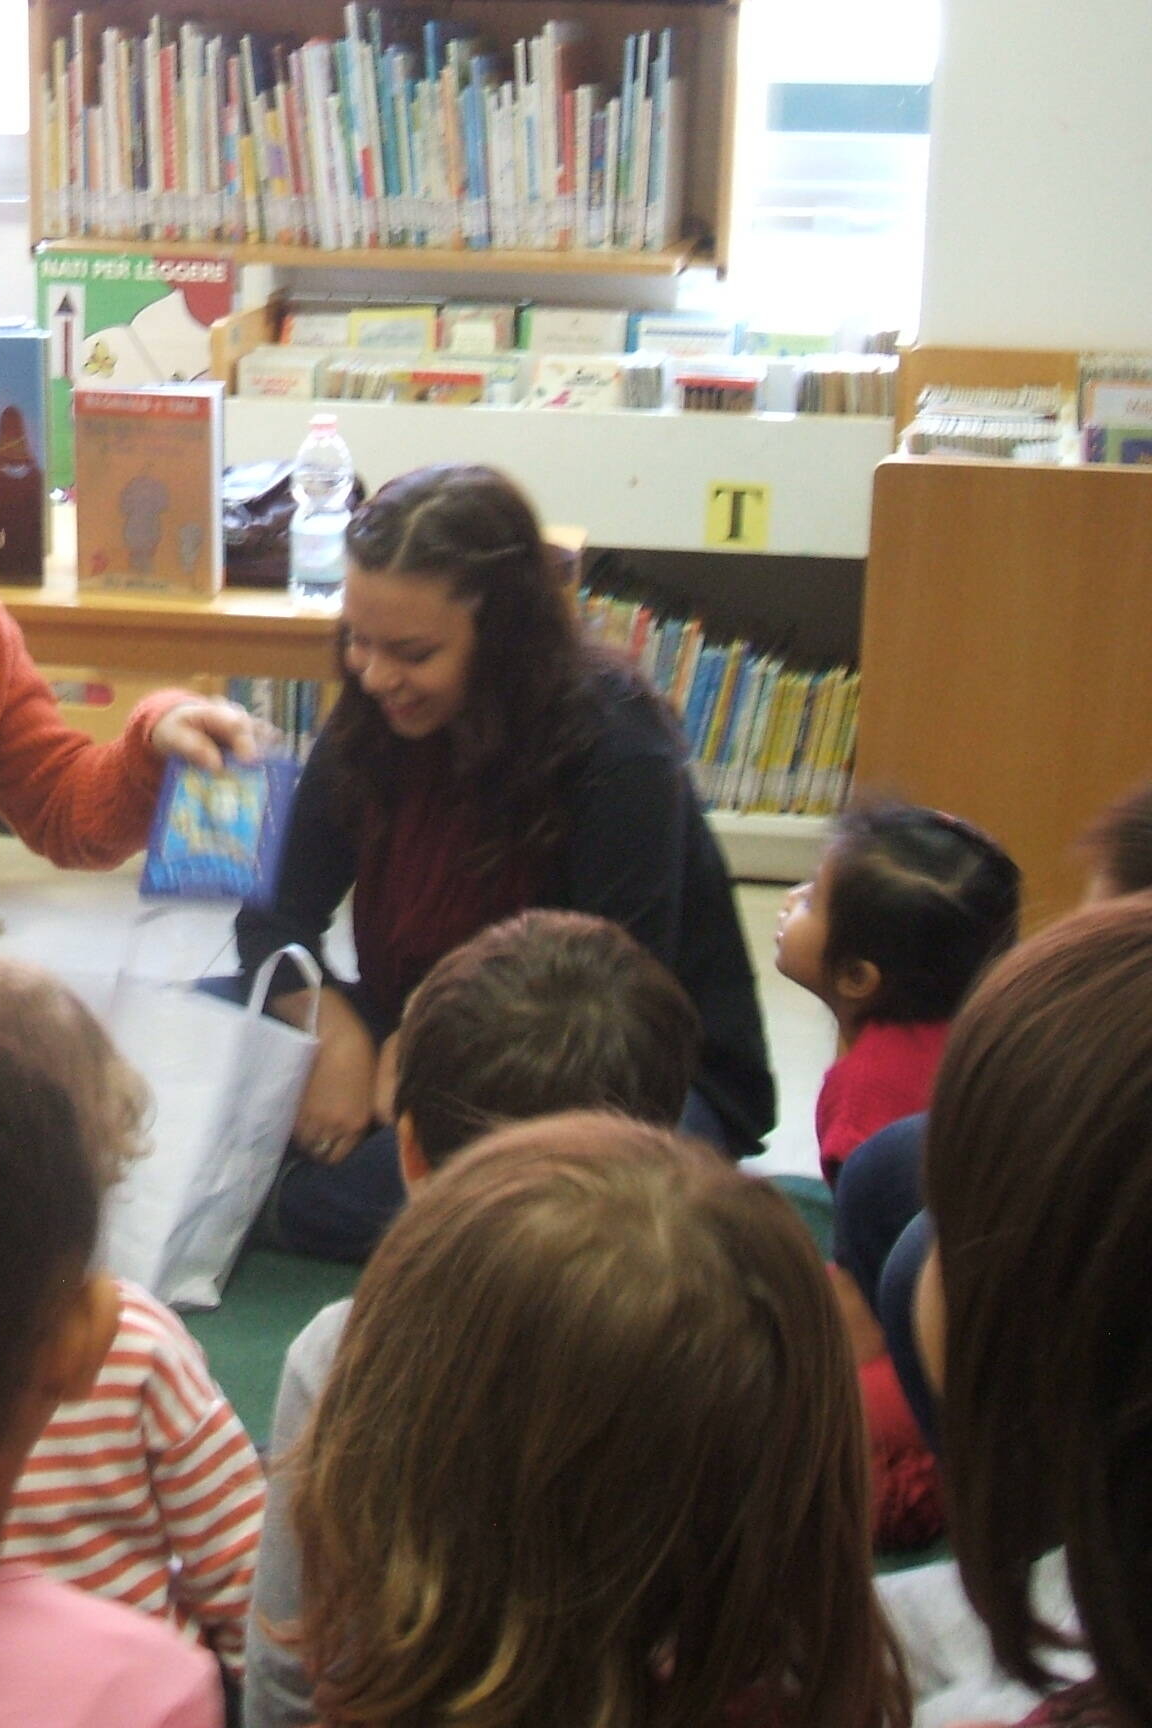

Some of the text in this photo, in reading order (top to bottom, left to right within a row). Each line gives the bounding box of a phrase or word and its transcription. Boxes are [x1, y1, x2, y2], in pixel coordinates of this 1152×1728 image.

[41, 258, 228, 282] NATI PER LEGGERE
[714, 487, 763, 541] T
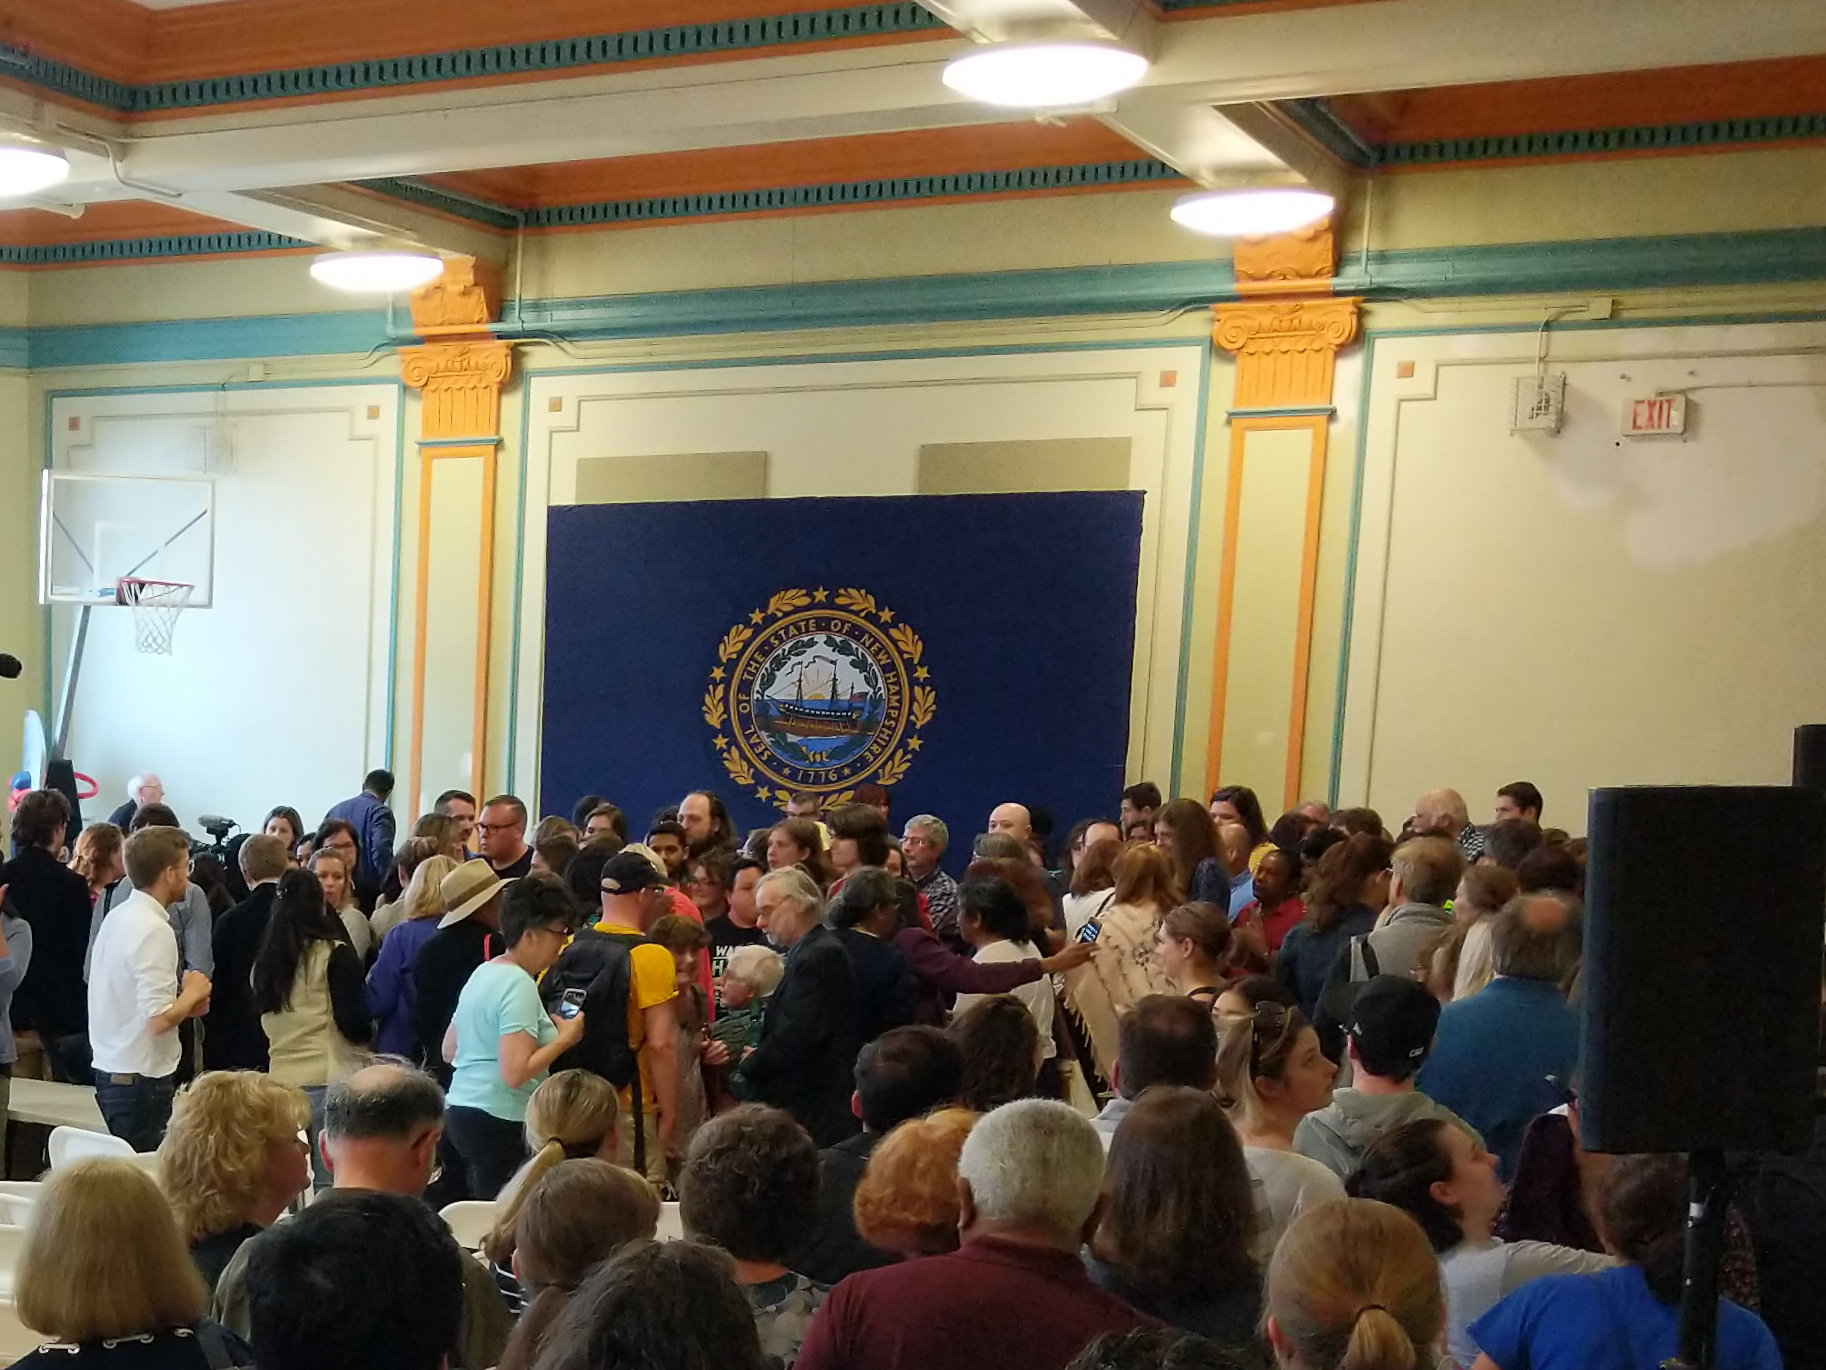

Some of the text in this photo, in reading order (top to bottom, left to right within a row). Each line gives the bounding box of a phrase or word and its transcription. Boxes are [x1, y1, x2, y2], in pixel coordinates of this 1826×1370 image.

[1632, 398, 1673, 430] EXIT
[738, 618, 900, 764] SEAL OF THE STATE OF NEW HAMPSHIRE
[797, 769, 838, 783] 1776
□ □ □ □
◆ TASK PROMPT ◆
Output nothing but the records above, word for word, with the pictures removed.

◆ TASK ANSWER ◆
Some of the text in this photo, in reading order (top to bottom, left to right within a row). Each line gives the bounding box of a phrase or word and its transcription. Boxes are [x1, y1, x2, y2], in pixel coordinates of this 1152×1728 image.

[41, 258, 228, 282] NATI PER LEGGERE
[714, 487, 763, 541] T

Some of the text in this photo, in reading order (top to bottom, left to right within a row). Each line gives the bounding box of a phrase or word and its transcription. Boxes are [x1, y1, x2, y2], in pixel coordinates of this 1826×1370 image.

[1632, 398, 1673, 430] EXIT
[738, 618, 900, 764] SEAL OF THE STATE OF NEW HAMPSHIRE
[797, 769, 838, 783] 1776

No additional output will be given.